**WHAT IS BEING ASKED**
Your answer should repeat exactly the lines from the one holding "this 2000×1333 image." through the end of the data, and it should contain no pictures.

Referring expression grounding data
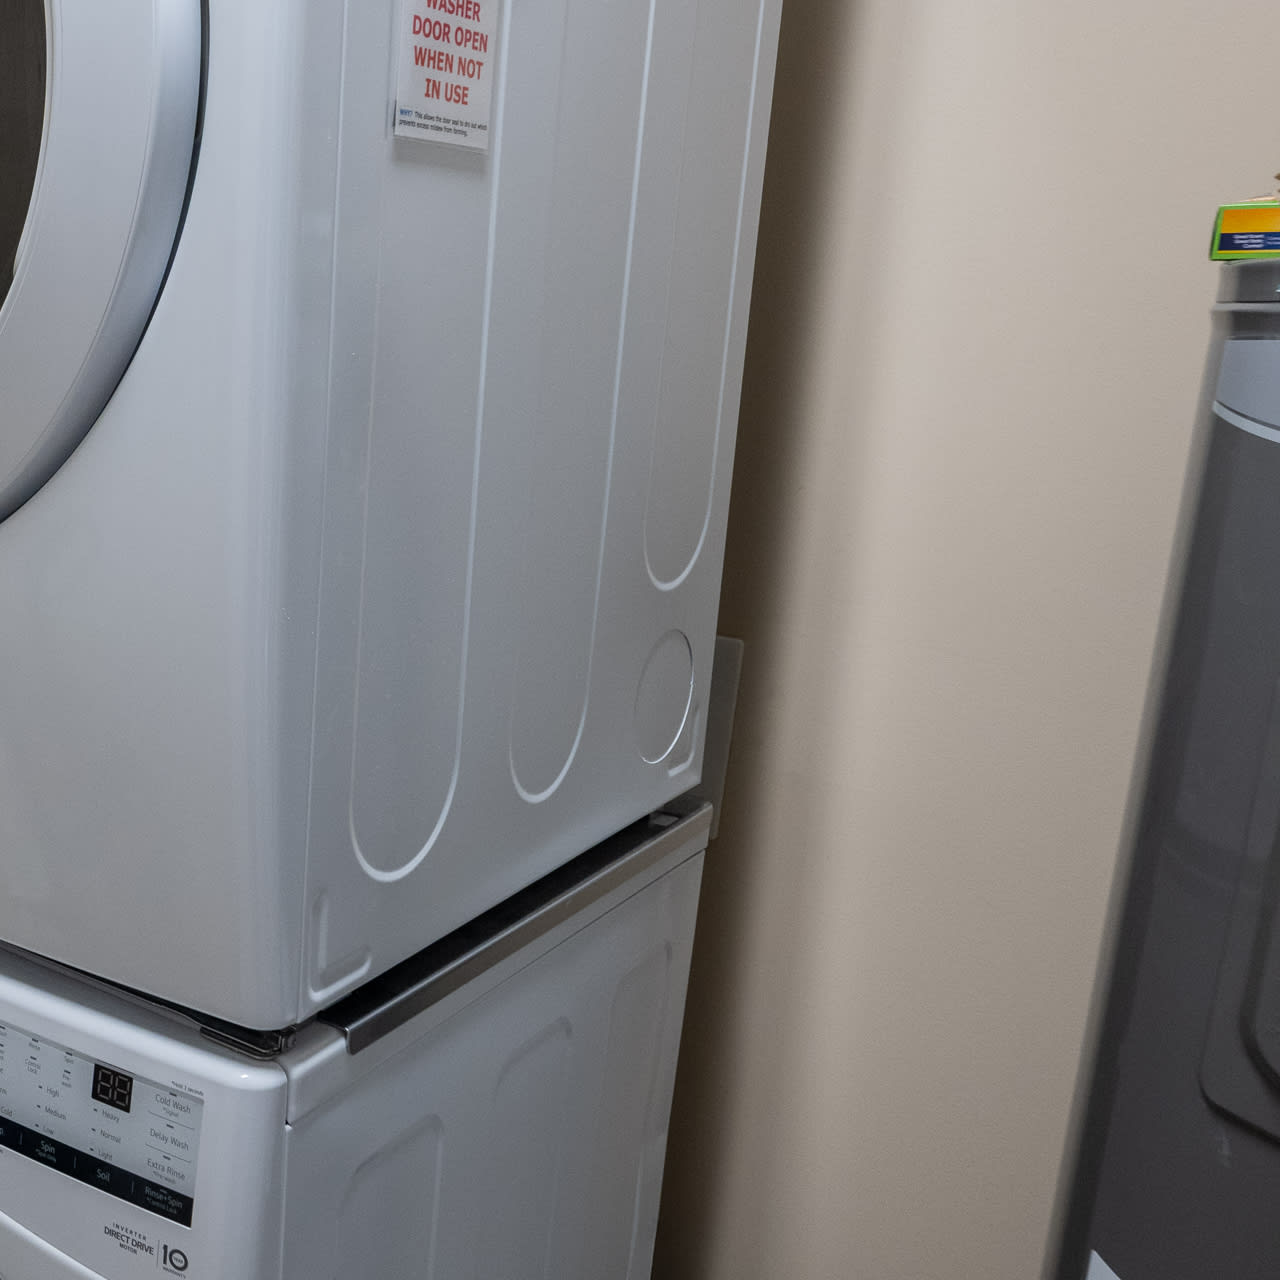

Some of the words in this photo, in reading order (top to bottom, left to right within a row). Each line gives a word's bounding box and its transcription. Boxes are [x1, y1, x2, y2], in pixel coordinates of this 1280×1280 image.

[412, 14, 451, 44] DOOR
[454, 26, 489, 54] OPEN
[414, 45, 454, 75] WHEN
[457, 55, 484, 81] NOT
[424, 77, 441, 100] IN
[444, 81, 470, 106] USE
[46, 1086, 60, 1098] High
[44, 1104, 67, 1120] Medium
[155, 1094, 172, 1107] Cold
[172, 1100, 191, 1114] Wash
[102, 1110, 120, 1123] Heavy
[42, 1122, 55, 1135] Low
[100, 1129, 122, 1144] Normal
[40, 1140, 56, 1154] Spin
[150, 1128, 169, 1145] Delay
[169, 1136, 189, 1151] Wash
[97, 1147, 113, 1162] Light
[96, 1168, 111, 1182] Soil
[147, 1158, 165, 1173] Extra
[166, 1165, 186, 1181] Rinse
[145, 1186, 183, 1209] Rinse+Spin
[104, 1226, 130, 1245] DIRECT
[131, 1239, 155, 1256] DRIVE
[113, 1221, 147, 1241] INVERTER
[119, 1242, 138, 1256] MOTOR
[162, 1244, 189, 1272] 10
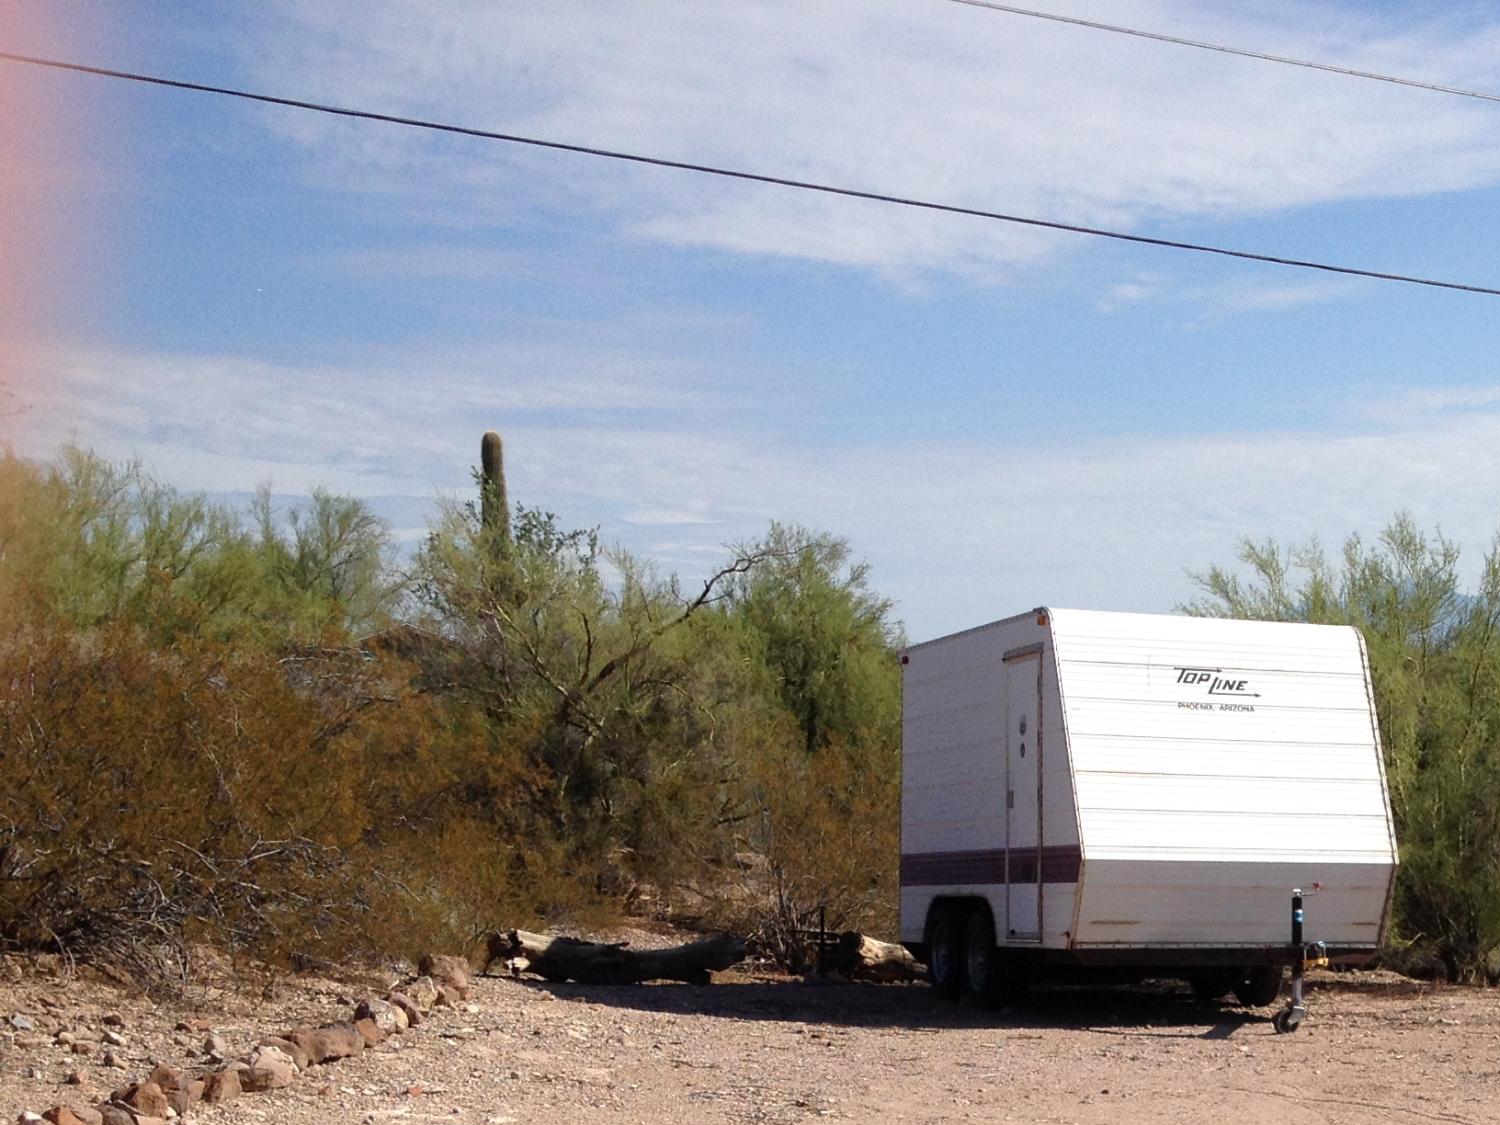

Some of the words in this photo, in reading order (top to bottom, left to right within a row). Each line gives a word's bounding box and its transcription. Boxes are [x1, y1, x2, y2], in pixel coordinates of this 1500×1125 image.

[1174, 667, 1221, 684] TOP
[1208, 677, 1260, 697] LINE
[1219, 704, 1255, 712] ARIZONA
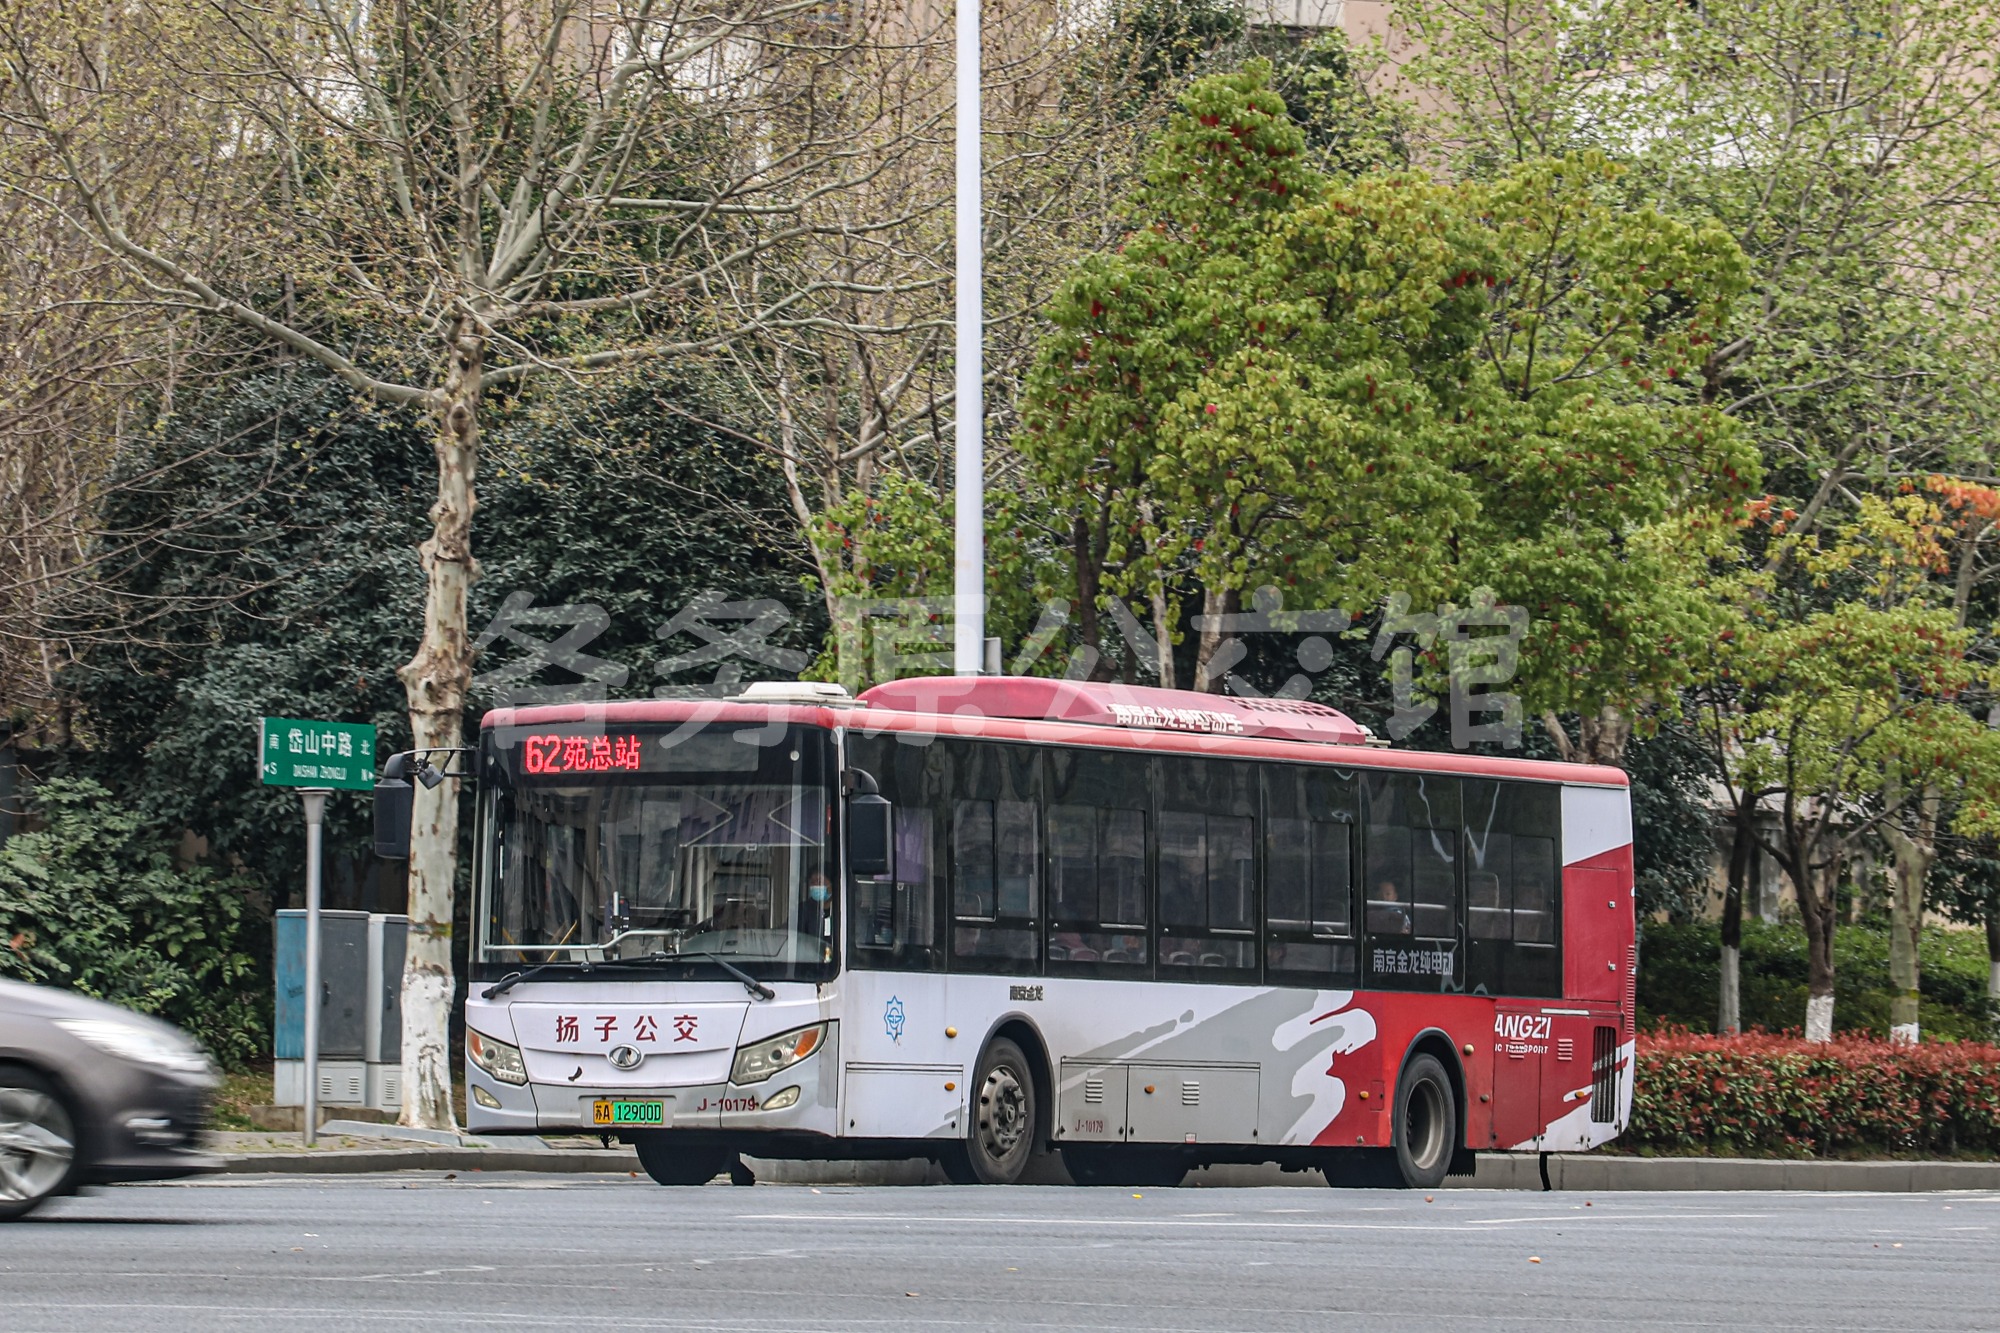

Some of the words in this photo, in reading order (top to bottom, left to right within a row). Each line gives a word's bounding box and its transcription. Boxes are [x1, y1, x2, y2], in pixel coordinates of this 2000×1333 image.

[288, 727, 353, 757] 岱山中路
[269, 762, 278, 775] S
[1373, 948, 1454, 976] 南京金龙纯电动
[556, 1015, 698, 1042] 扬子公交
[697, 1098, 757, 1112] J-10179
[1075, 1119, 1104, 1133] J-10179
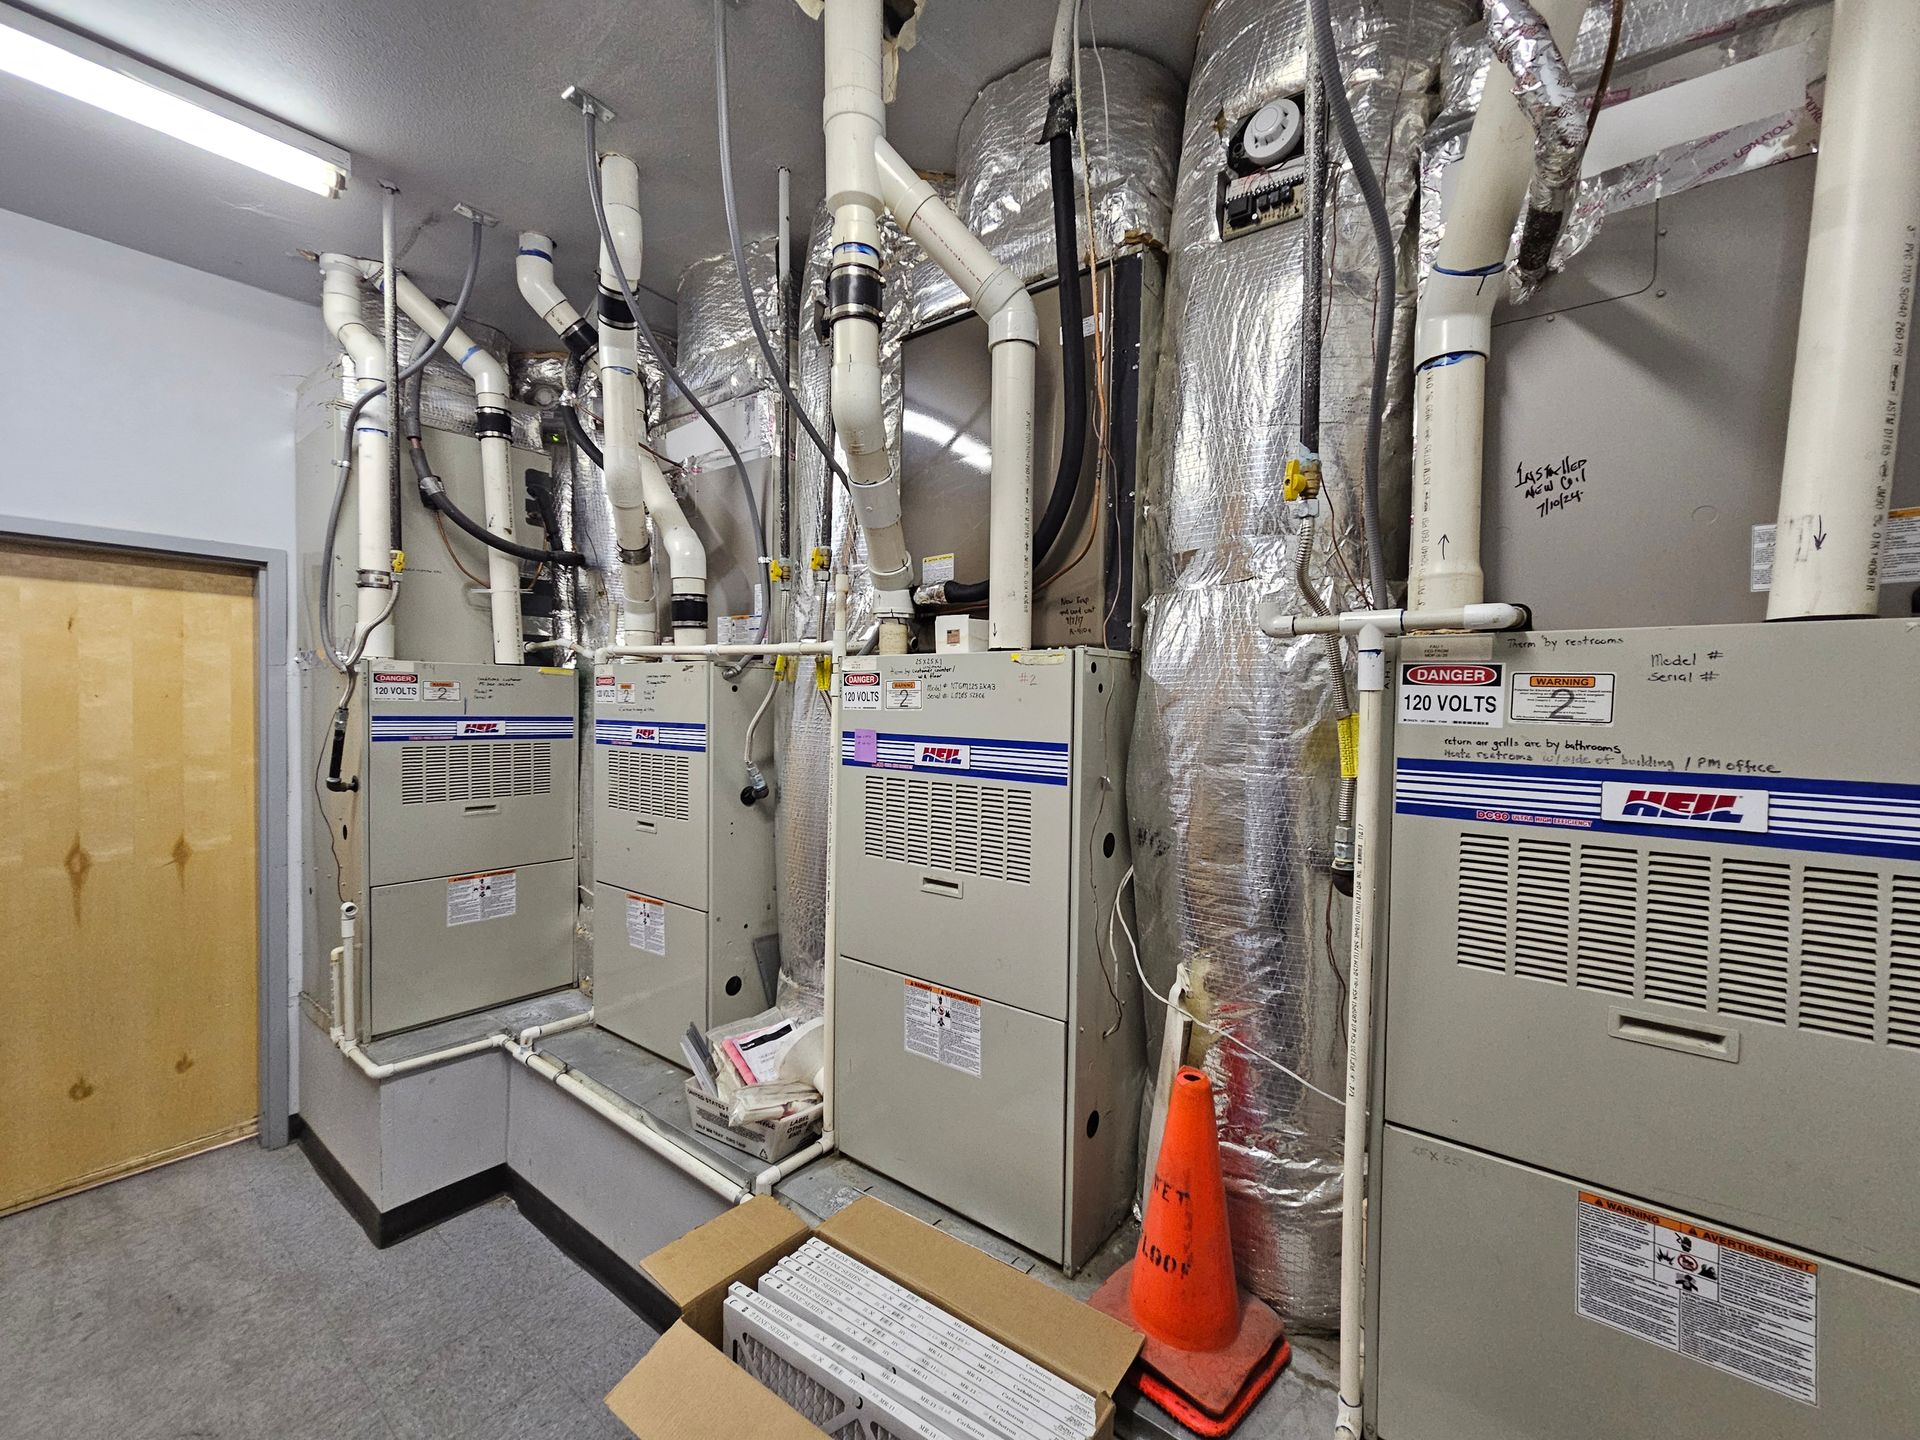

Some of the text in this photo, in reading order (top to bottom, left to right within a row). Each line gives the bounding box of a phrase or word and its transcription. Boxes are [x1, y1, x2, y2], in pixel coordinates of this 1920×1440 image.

**EXERCISE SOLUTION**
Some of the words in this photo, in reading order (top to bottom, left to right within a row). Each line gives a word's bounding box and its transcription. Boxes are [x1, y1, x2, y2], in pixel coordinates of this 2000×1333 image.

[288, 727, 353, 757] 岱山中路
[269, 762, 278, 775] S
[1373, 948, 1454, 976] 南京金龙纯电动
[556, 1015, 698, 1042] 扬子公交
[697, 1098, 757, 1112] J-10179
[1075, 1119, 1104, 1133] J-10179

Some of the text in this photo, in reading order (top to bottom, left to right within a row). Each line gives the bounding box of a phrase or word and its transcription. Boxes are [x1, y1, x2, y2], in pixel coordinates of this 1920×1440 image.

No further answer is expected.